I don't feel particularly guilty about the extra level... if the operations
you're blocking on are that much quicker than the overhead then you probably
don't need to block. I'm pretty certain that even with multiple network cards
you'll still suffer from bus contention before suffering from generator
overhead.

> Debugging experience: I made the same mistake in each program (I guess I copied
> it over before fixing the bug :-), which caused an AttributeError to happen at
> the time.time() call. In both frameworks this was baffling, because it caused
> the program to exit immediately without any output. So on this count we're even.
> :-)

This is my traceback once I misspell time():

...>c:\Python33_x64\python.exe wattle_bench.py
Traceback (most recent call last):
  File "wattle_bench.py", line 27, in <module>
    SingleThreadScheduler().run(main, depth=depth)
  File "SingleThreadScheduler.py", line 106, in run
    raise self._exit_exception
  File "scheduler.py", line 171, in _step
    next_future = self.generator.send(result)
  File "wattle_bench.py", line 22, in main
    t1 = time.tme()
AttributeError: 'module' object has no attribute 'tme'

Of course, if you do call an @async function and don't yield (or call result())
then you won't ever see an exception. I don't think there's any nice way to
propagate these automatically (except maybe through a finalizer... not so keen
on that).
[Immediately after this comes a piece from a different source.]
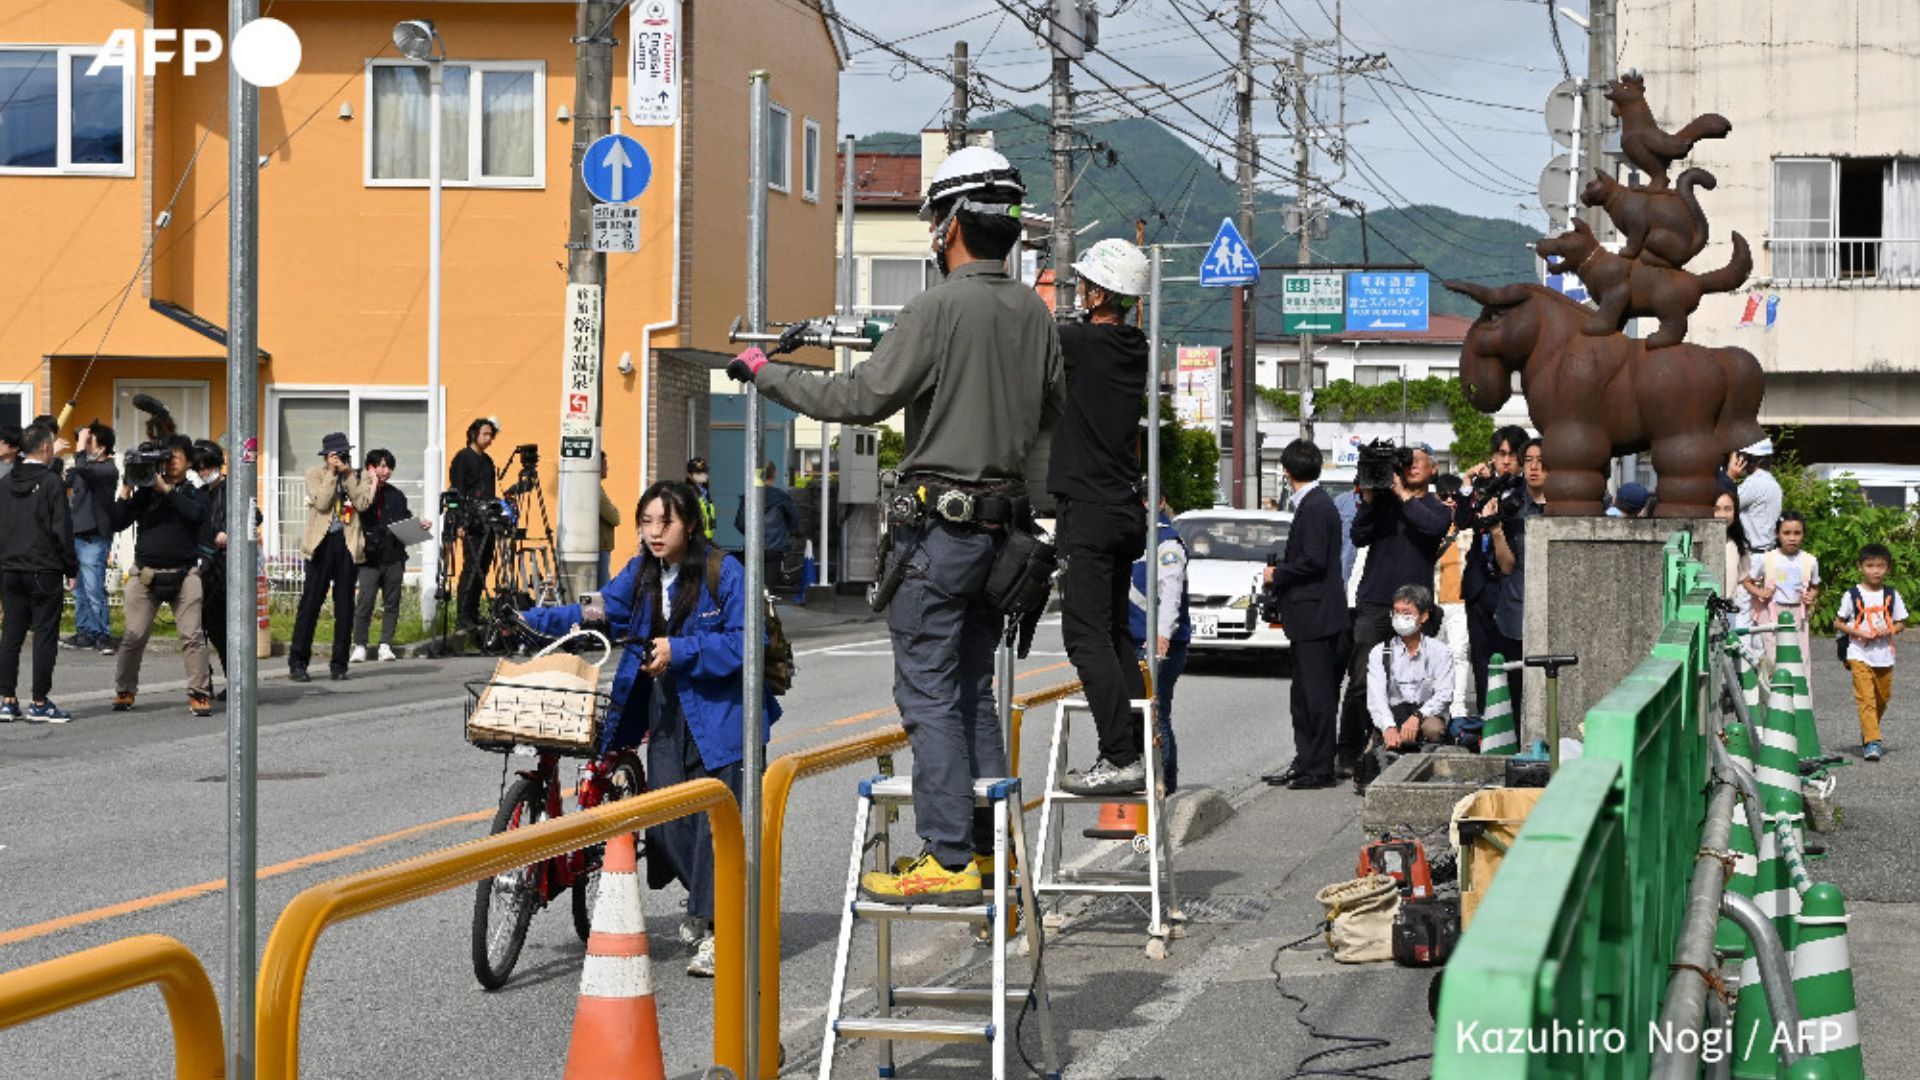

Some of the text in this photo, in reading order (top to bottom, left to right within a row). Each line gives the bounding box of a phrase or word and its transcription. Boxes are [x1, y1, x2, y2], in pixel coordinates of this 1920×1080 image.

[636, 32, 649, 70] Camp
[648, 32, 661, 78] English
[1360, 276, 1416, 287] 有料道路
You can do 'op.add_done_callback(Future.result)' to force the error to
be raised somewhere (or better yet, pass it to a logger - this is why we allow
multiple callbacks, after all).

> I have to think more about what I'd like to borrow from wattle -- I agree that
> it's nice to mark up async functions with a decorator (it just shouldn't affect
> call speed), I like being able to start a task with a single call. 

You'll probably find (as I did in my early work) that starting the task in the
initial call doesn't work with yield from. Because it does the first next()
call, you can't send results/exceptions back in. If all the yields (at the
deepest level) are blank, this might be okay, but it caused me issues when I was
yielding objects to wait for.

I'm also interested in your thoughts on get_future_for(), since that seems to be
one of the more unorthodox ideas of wattle. I can clearly see how it works, but
I have no idea whether I've expressed it well in the description.